TASK DETAILS -> What is needed is an exact transcription of the listing, with the images removed.

PROVIDED RECORDS ->
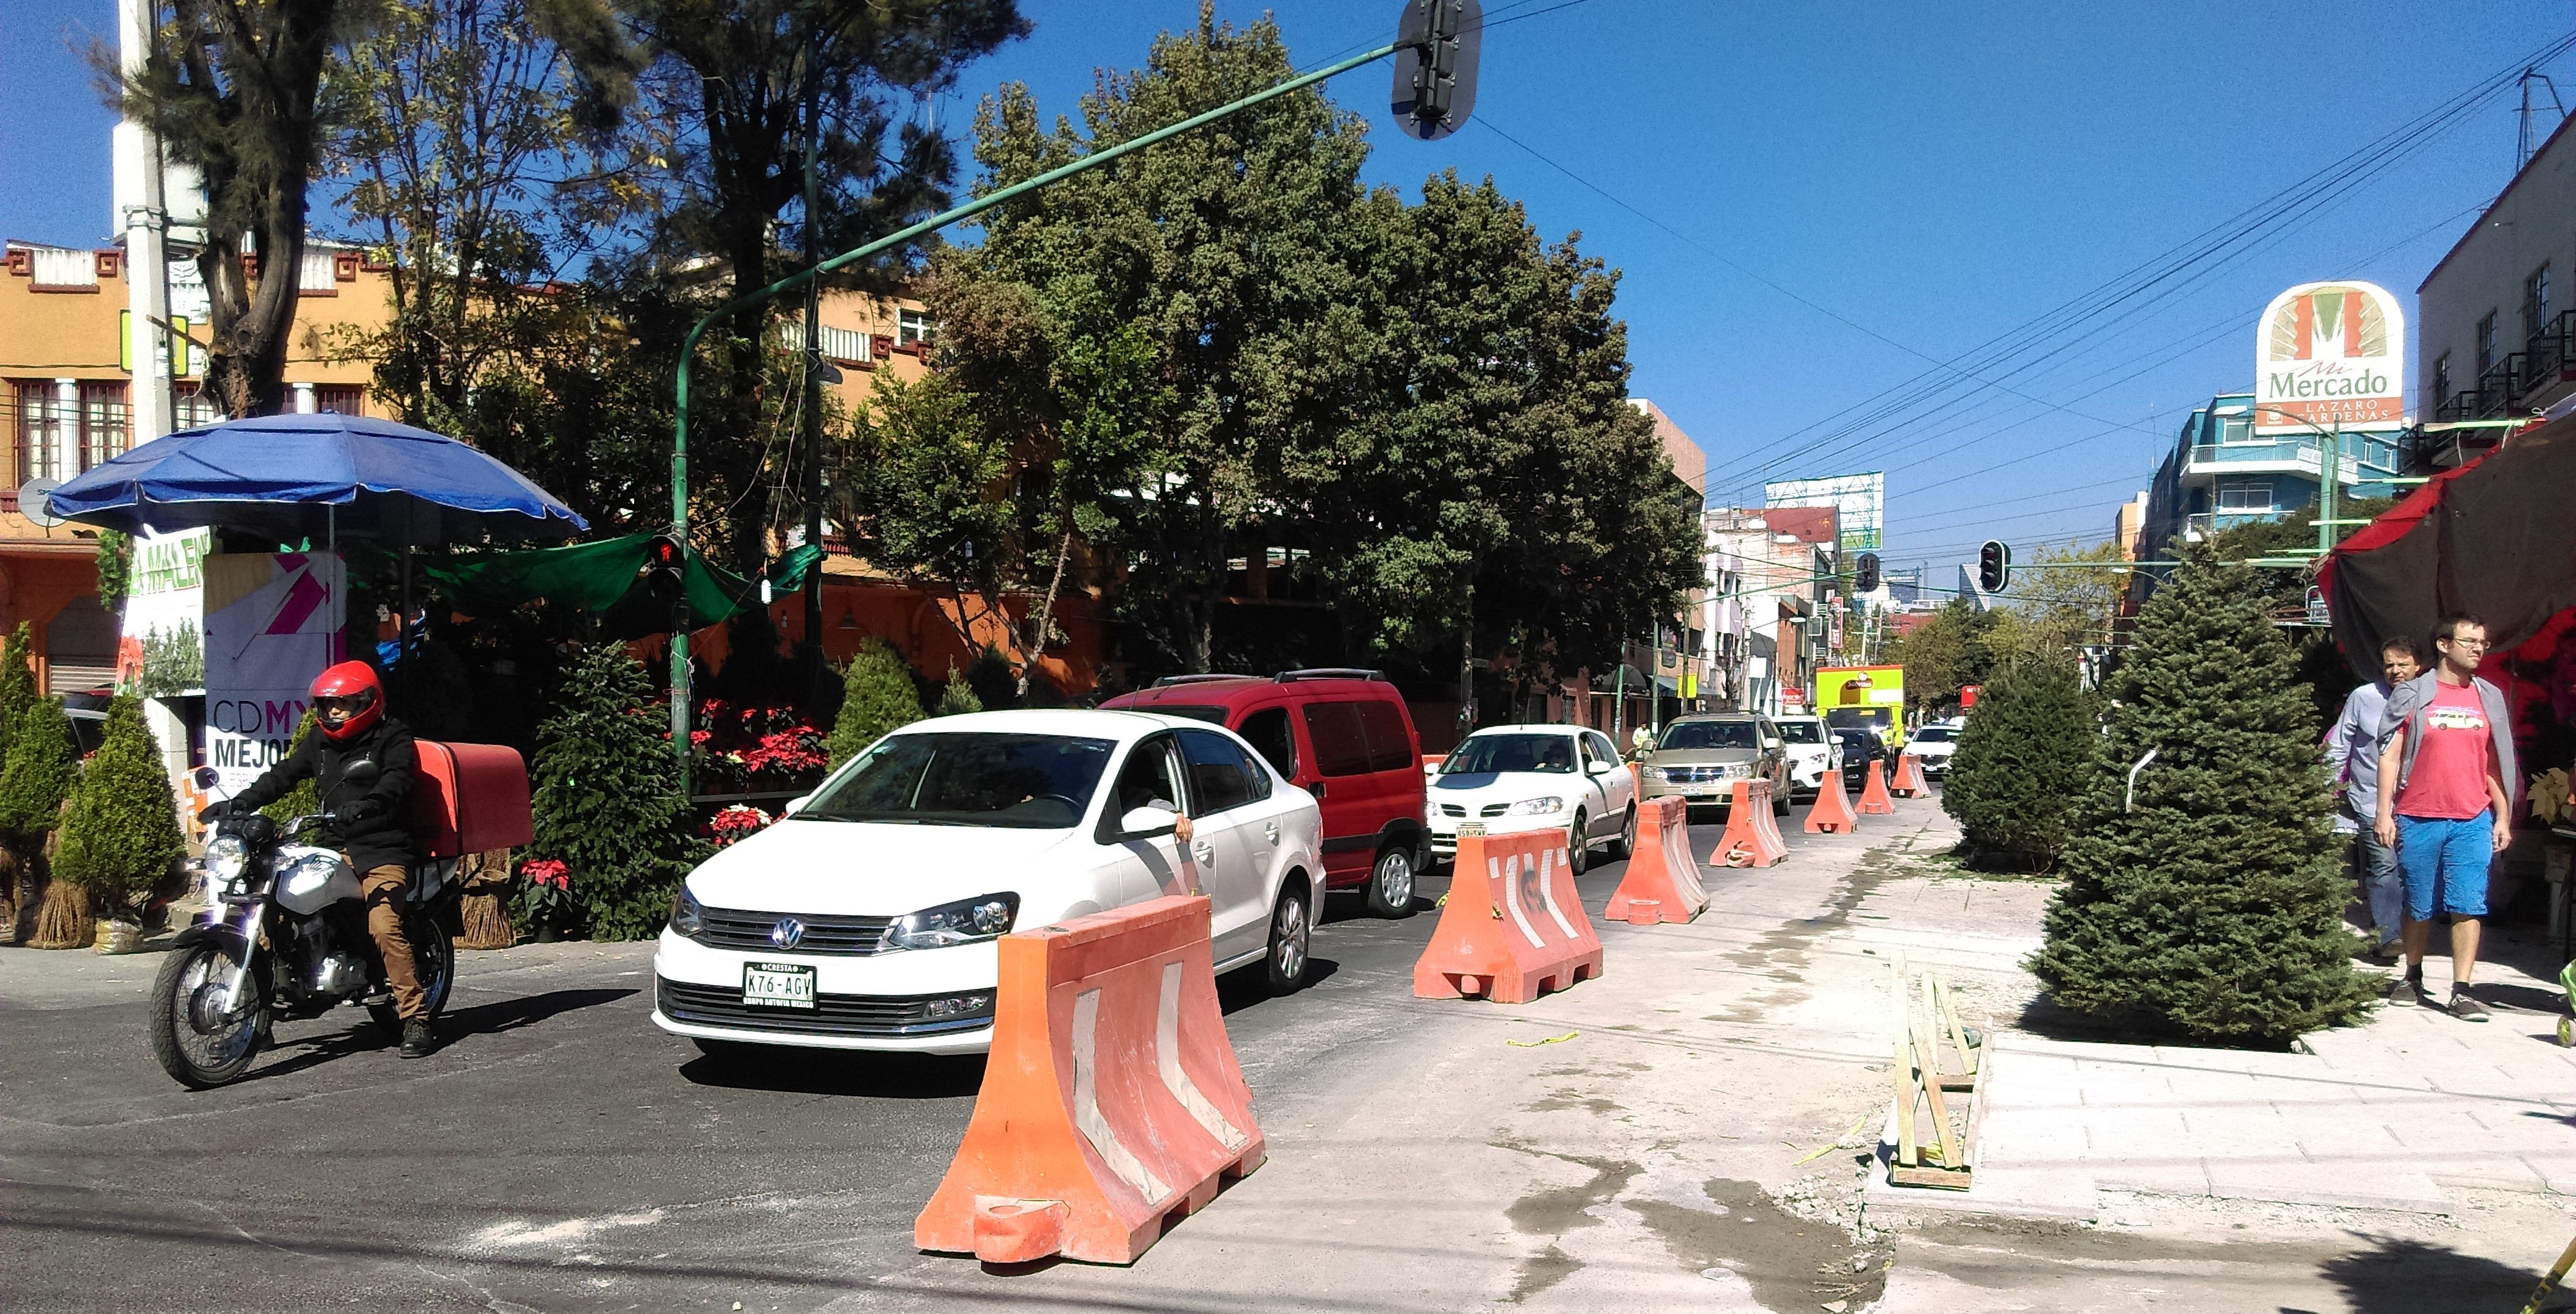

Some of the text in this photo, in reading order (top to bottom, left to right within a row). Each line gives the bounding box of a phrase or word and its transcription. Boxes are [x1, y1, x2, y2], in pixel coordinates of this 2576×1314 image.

[2297, 360, 2352, 377] Mi
[2269, 368, 2388, 398] Mercado
[2306, 400, 2378, 413] LAZARO
[2295, 409, 2389, 423] CARDENAS
[767, 963, 792, 972] CRESTA
[748, 975, 810, 996] K76-AGV

TASK ANSWER ->
Some of the text in this photo, in reading order (top to bottom, left to right within a row). Each line gives the bounding box of a phrase or word and its transcription. Boxes are [x1, y1, x2, y2], in pixel coordinates of this 2576×1314 image.

[2297, 360, 2352, 377] Mi
[2269, 368, 2388, 398] Mercado
[2306, 400, 2378, 413] LAZARO
[2295, 409, 2389, 423] CARDENAS
[767, 963, 792, 972] CRESTA
[748, 975, 810, 996] K76-AGV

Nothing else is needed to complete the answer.